Graphs¶
Overview¶
Graphs model relationships: vertices and edges, directed or undirected, weighted or unweighted. They are the backbone of networks, dependencies, maps, and state spaces.
Why This Exists¶
Many real systems are graphs—social networks, package dependencies, routing tables. Interview problems often reduce to DFS/BFS, topological sorting, shortest paths, or union-find.
How It Works¶
Representations include adjacency lists (common), adjacency matrices (dense graphs), and edge lists.

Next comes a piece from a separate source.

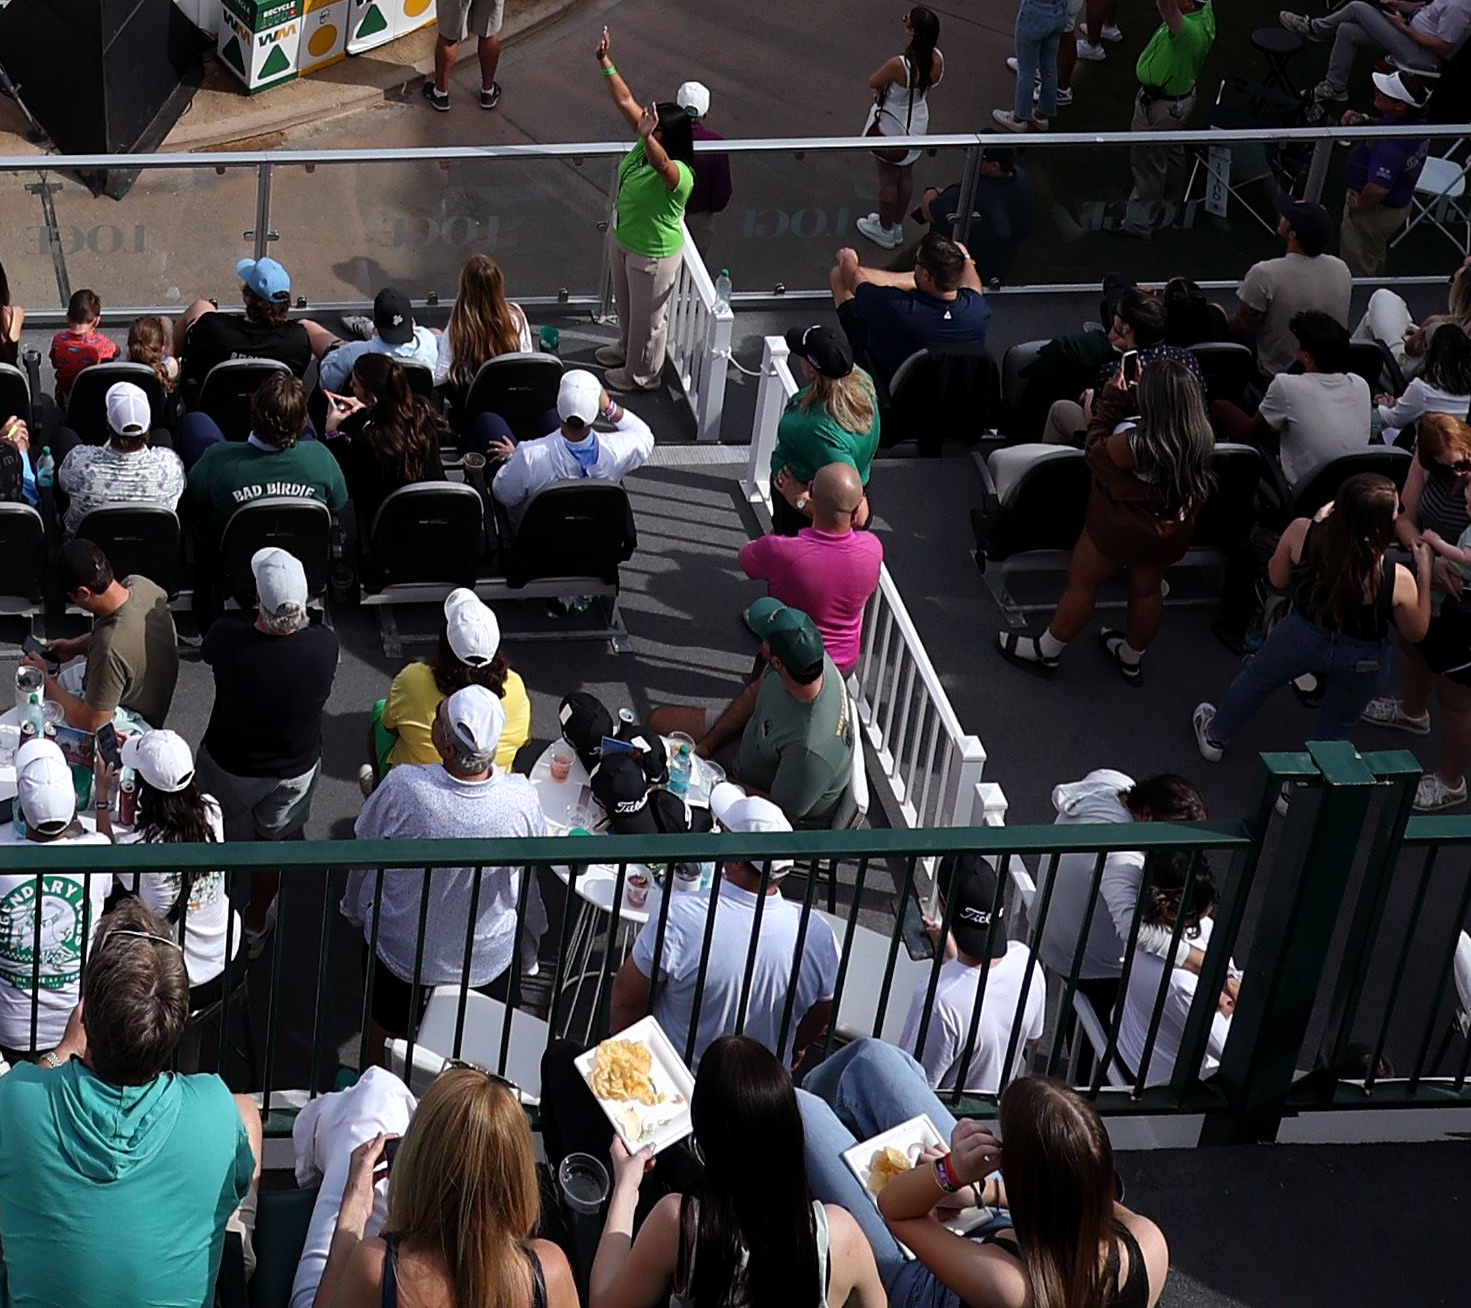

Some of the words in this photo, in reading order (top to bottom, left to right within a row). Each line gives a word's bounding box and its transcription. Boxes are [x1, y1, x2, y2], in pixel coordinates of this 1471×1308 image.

Master BFS for shortest path in unweighted graphs, Dijkstra for non-negative weights, Bellman–Ford when edges can be negative, and topological sort for DAGs.
Architecture¶

Key Concepts¶
Code Examples¶
def dfs(graph: dict[int, list[int]], start: int) -> set[int]:
seen = set()
def visit(u: int) -> None:
seen.add(u)
for v in graph.get(u, []):
if v not in seen:
visit(v)
visit(start)
return seen
from collections import deque
def bfs_shortest(graph, src, dst):
q = deque([(src, 0)])
seen = {src}
while q:
u, d = q.popleft()
if u == dst:
return d
for v in graph.get(u, []):
if v not in seen:
seen.add(v)
q.append((v, d + 1))
return -1
Interview Questions¶
Detect a cycle in a directed graph.
Use DFS with three colors (unvisited, visiting, visited) or Kahn’s algorithm for topological sort attempt.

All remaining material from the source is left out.